Durant les débats, les commentaires sont allés bon train. « Quel que soit le partage des responsabilités, le constat est sans appel », explique Charles Compagnon (centre droit). « Ce fiasco, pour nous, illustre l’incapacité de la gouvernance métropolitaine à piloter efficacement un projet d’une telle envergure. » Du côté de la majorité métropolitaine, Michel Demolder, président de la Collectivité Eau du bassin rennais, pointe du doigt l’attitude de Ruths. « Ce n’est pas aux habitants de financer les dérives d’une entreprise et de sa façon d’agir. Il restera à nous retourner contre les Italiens pour non-respect du cahier des charges. »
Le risque aurait été grand que l’État ne valide pas la mise en service de notre ouvrage. » ValériE Faucheux.
Chez les écologistes, la mission d’information et d’évaluation a permis à ses membres de rentrer dans la complexité de ce dossier très technique et de mieux cerner les positions de Rennes métropole. « Ruths n’a fait que minimiser les problèmes détectés. Il ne les a pas pris en compte. Il n’a produit que des réponses partielles, voire aucune réponse du tout. La métropole a fait le bon choix pour assurer la pérennité sur le long terme de cette installation classée et garantir la sécurité pour celles et ceux qui en ont la charge de son exploitation. »
Nathalie Appéré, maire de Rennes, a salué le travail réalisé et défendu la gestion de la métropole face à cette crise. «Ce rapport permet de retracer très fidèlement ce qu’a été la chronologie des faits depuis l’appel d’offres jusqu’à l’attribution du marché de substitution en passant évidemment par ce moment de l’arrêt des opérations. Cette interruption a été purement et simplement salutaire. Si nous avions écouté l’opposition, nous nous trouverions aujourd’hui dans une impasse inédite, avec un équipement en passe d’être livré, mais totalement non conforme par l’État. Grâce à l’excellence des services métropolitains, à la réactivité de la maîtrise d’ouvrage et à l’anticipation de la collectivité, nous avons pu ensemble prévenir le pire. »

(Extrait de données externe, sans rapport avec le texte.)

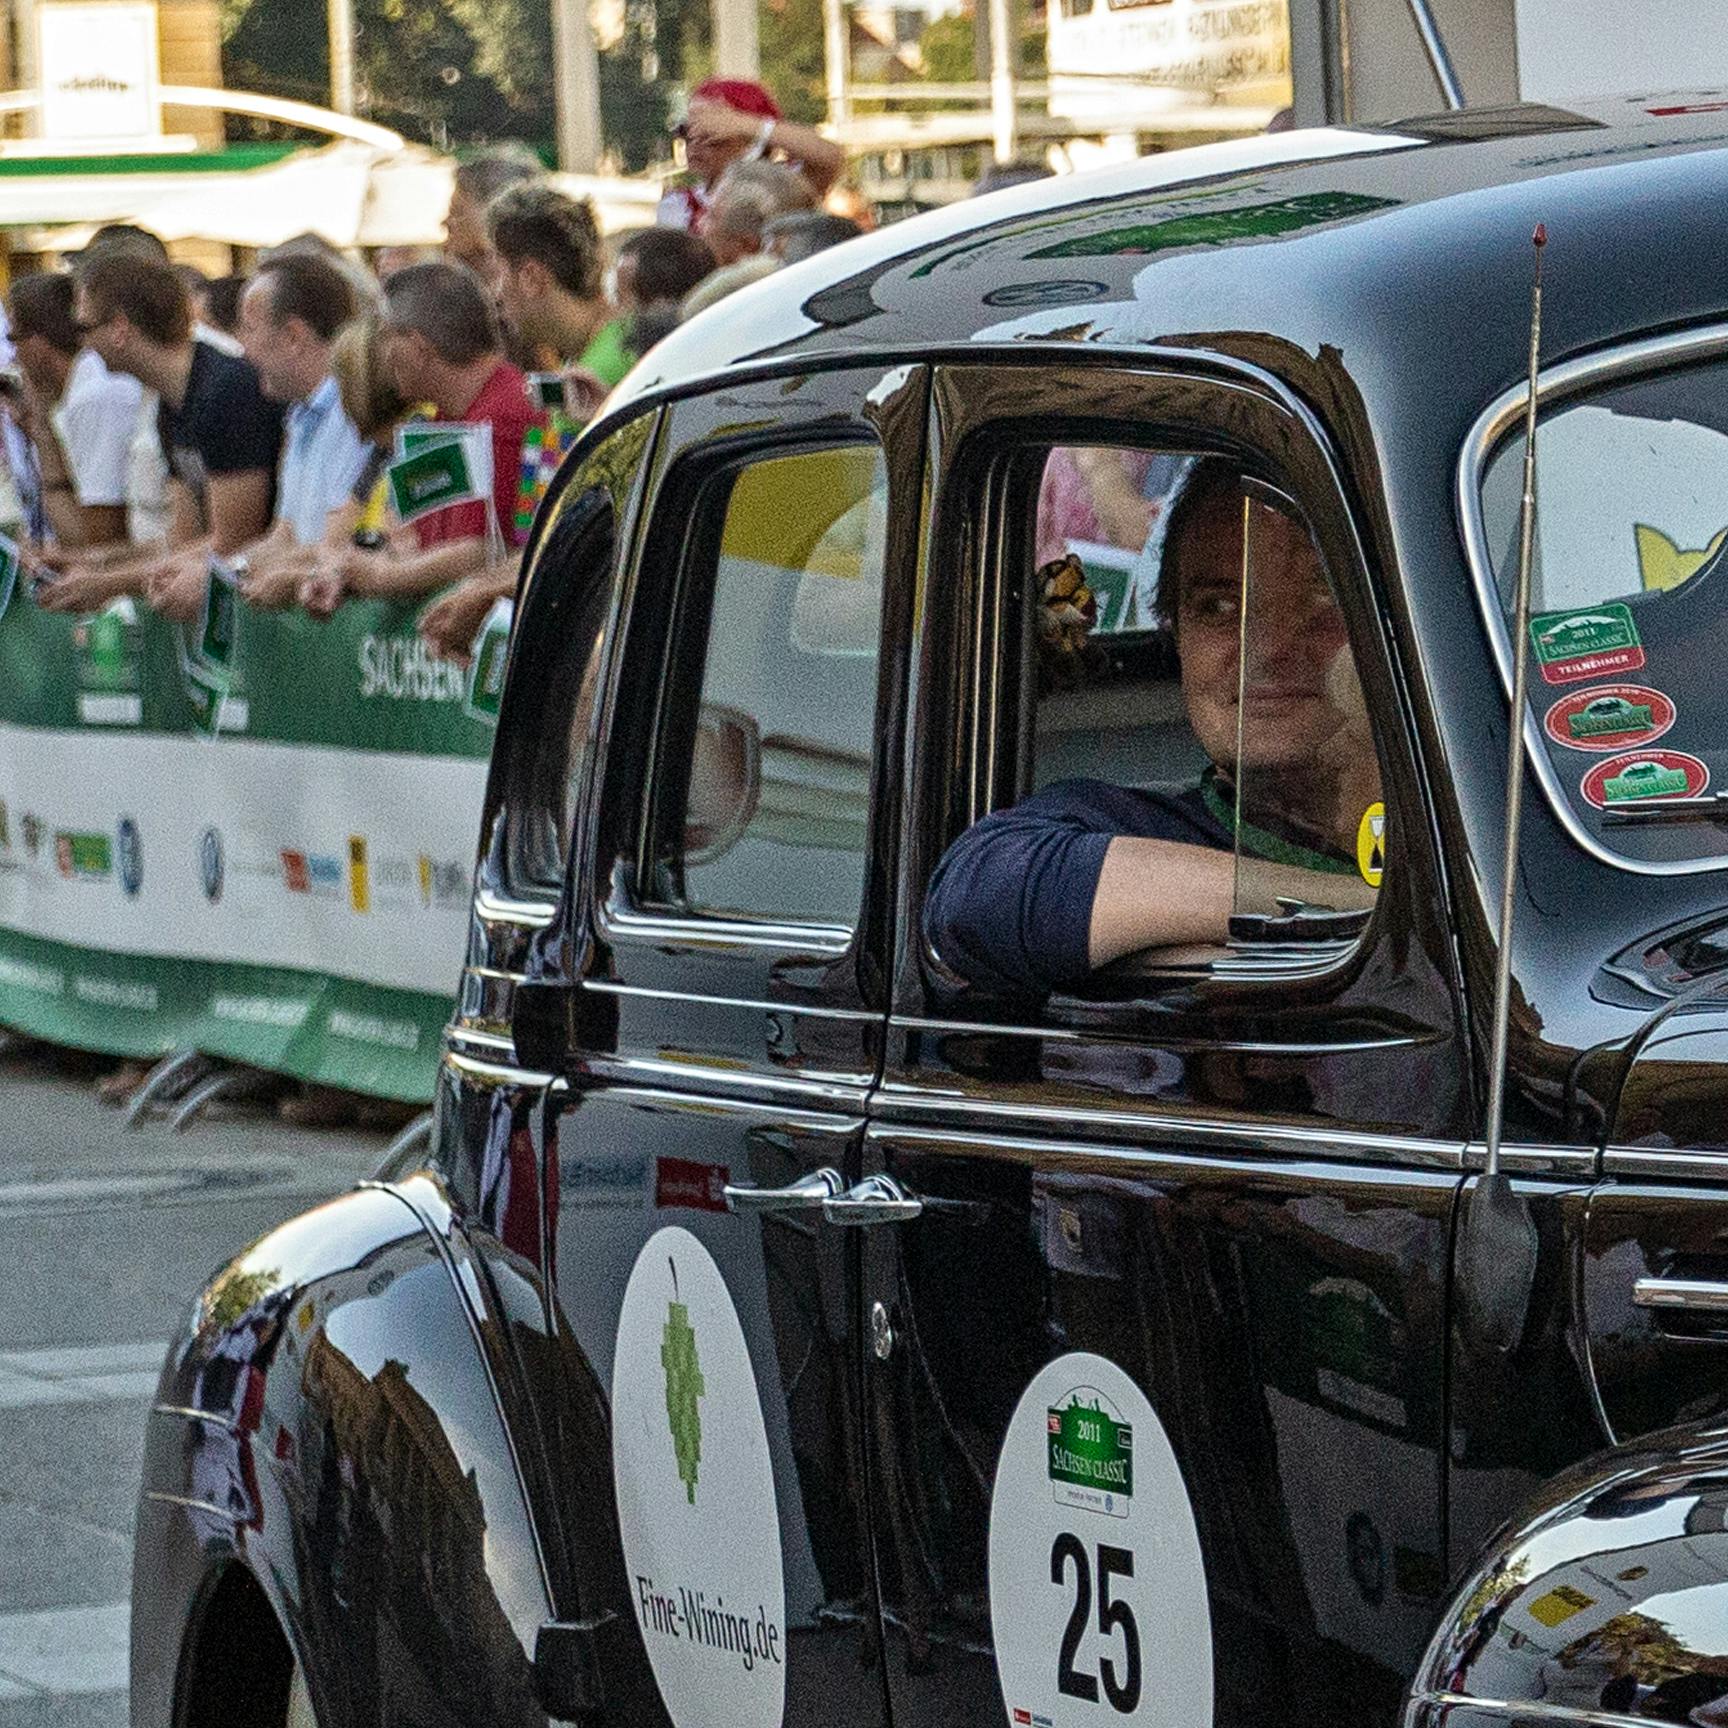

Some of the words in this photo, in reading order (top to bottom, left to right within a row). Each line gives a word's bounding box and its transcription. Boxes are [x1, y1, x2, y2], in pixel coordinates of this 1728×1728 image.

Si la majorité se félicite d’avoir empêché une catastrophe, l’édile de Mordelles, Thierry Le Bihan (groupe des maires indépendants), a rappelé les incidences de l’interruption du chantier, notamment sur le plan écologique. « L’impact environnemental est très conséquent, avec plus de 44 000 tonnes d’émissions de CO₂ par année d’arrêt, dû à l’utilisation de gaz pour le chauffage urbain. Aujourd’hui, l’incertitude demeure sur une mise en marche de l’UVE de Villejean pour le début de l’année 2026. »
La position intéressante du maire de Mordelles.

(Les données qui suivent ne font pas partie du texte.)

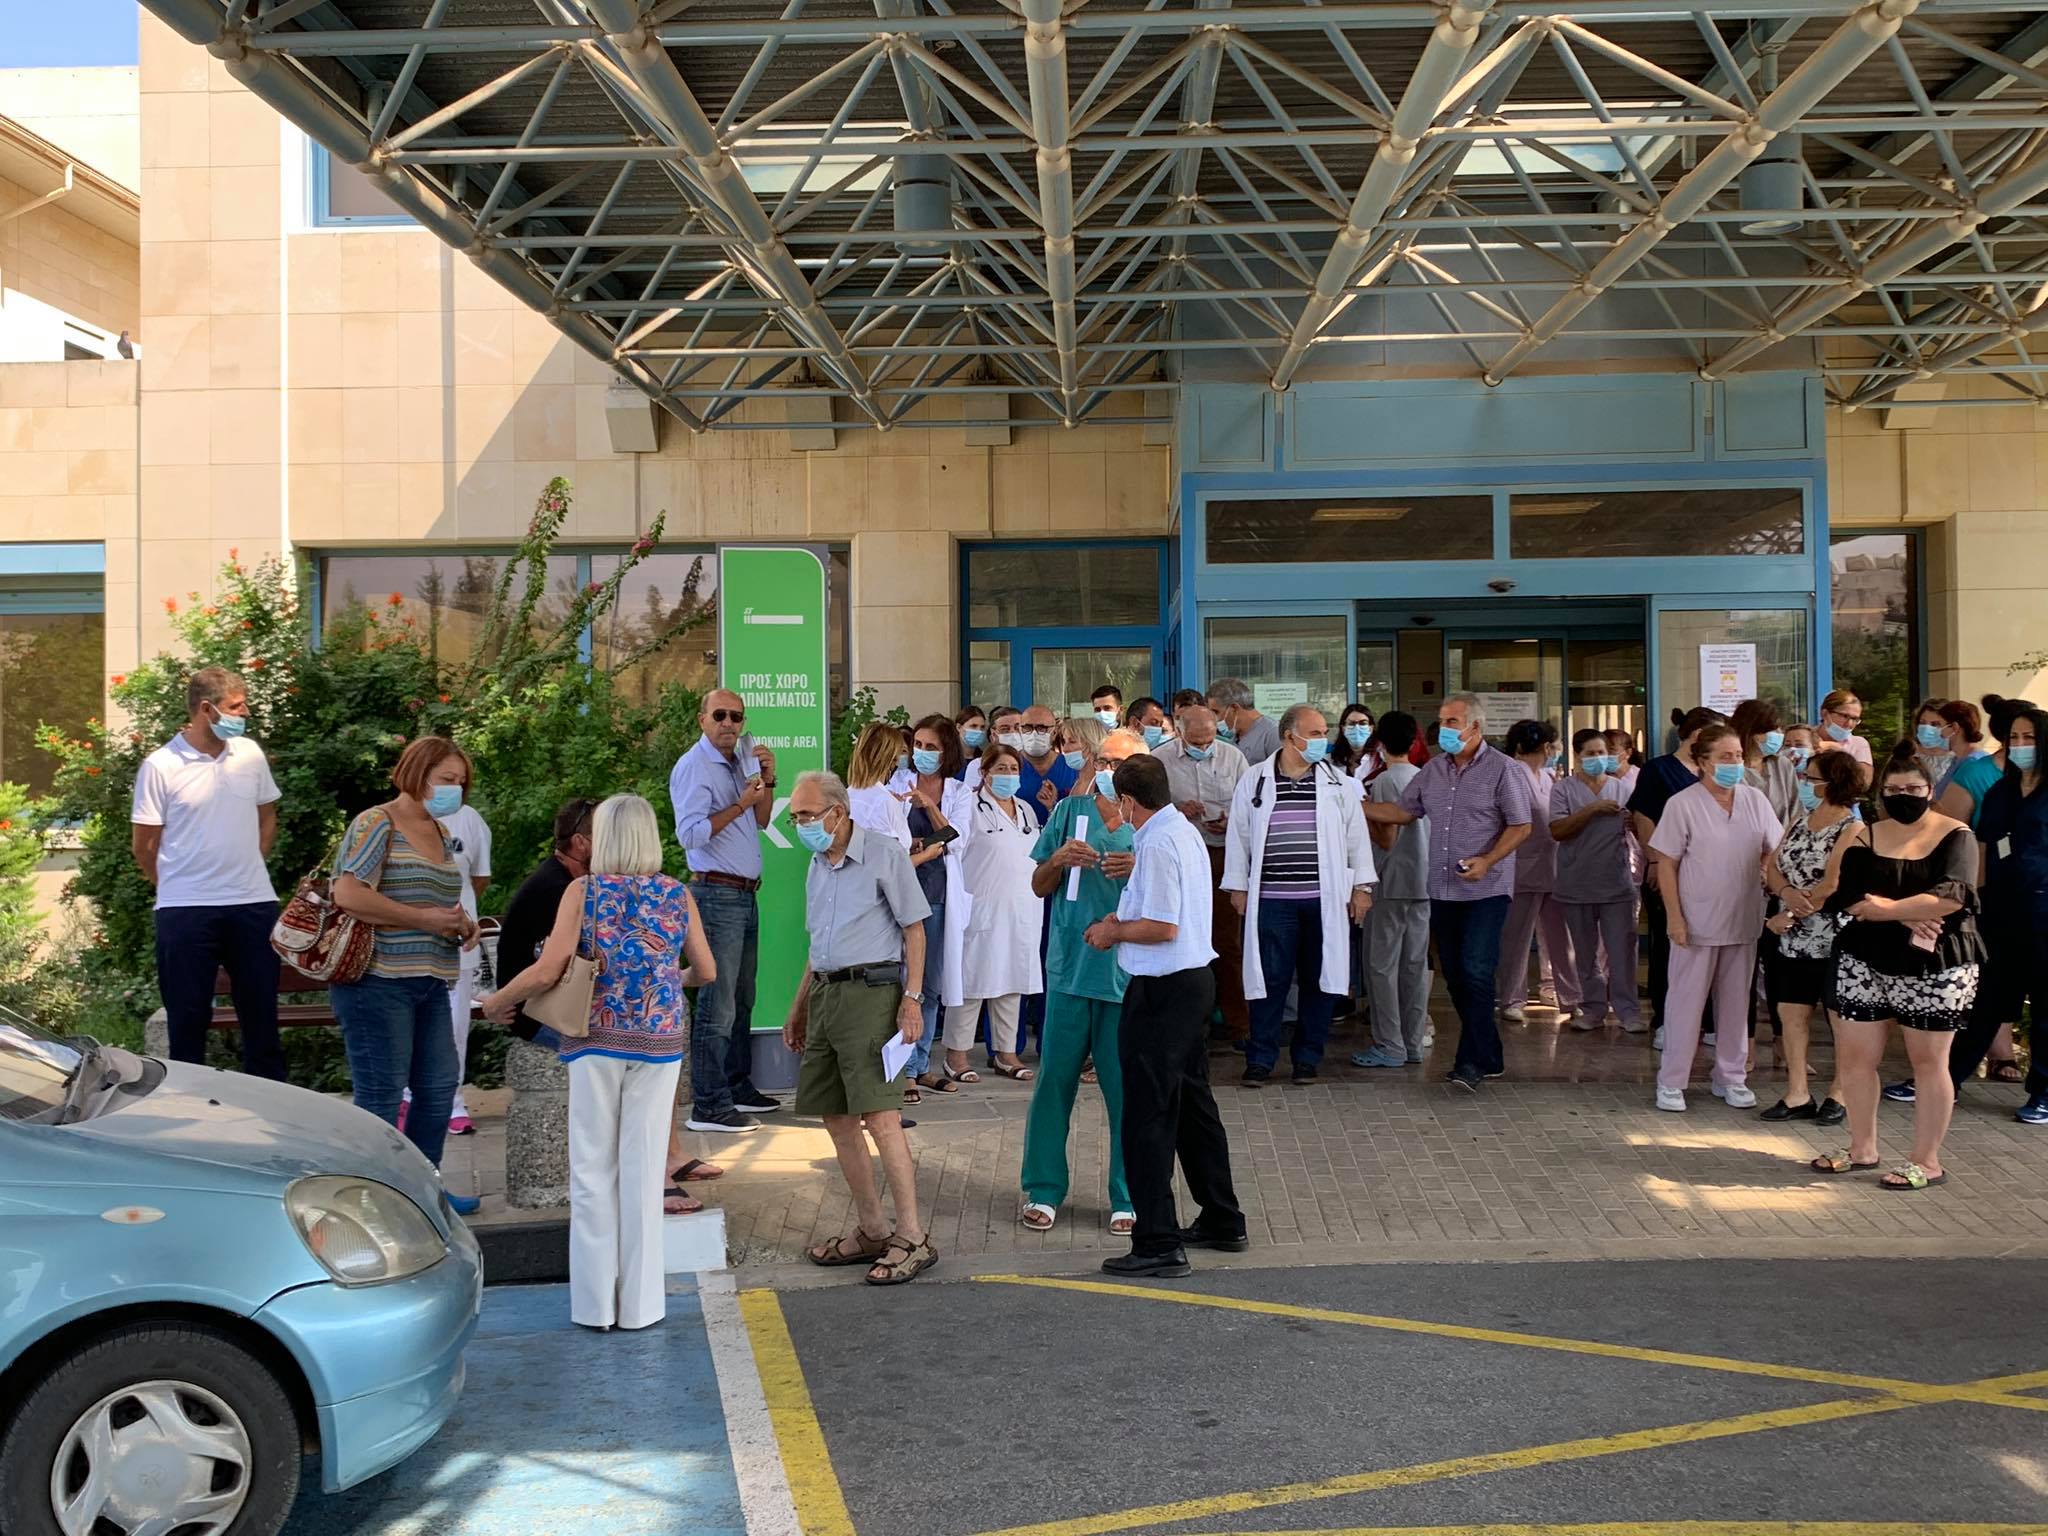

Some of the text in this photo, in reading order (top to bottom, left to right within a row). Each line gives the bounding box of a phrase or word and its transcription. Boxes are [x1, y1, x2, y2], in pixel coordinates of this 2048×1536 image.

[740, 673, 808, 689] ΠΡΟΣ ΧΩΡΟ
[736, 692, 817, 708] ΑΠΝΙΣΜΑΤΟΣ
[752, 735, 791, 748] MOKING
[793, 735, 817, 748] AREA

Tout aussi longuement, le maire de Mordelles a rappelé l’importance du coût pour les contribuables. « La taxe des ordures ménagères a augmenté de plus de 70 % en passant d’un taux de 5,7 % à 9,85 % en seulement trois années. » Face à la complexité du dossier, il estime ne pas être aujourd’hui en mesure de porter une opinion tranchée. « L’analyse des propos exposés étant éminemment technique, nous n’avons pas en tant qu’élus suffisamment de compétences pour nous permettre un tel jugement. »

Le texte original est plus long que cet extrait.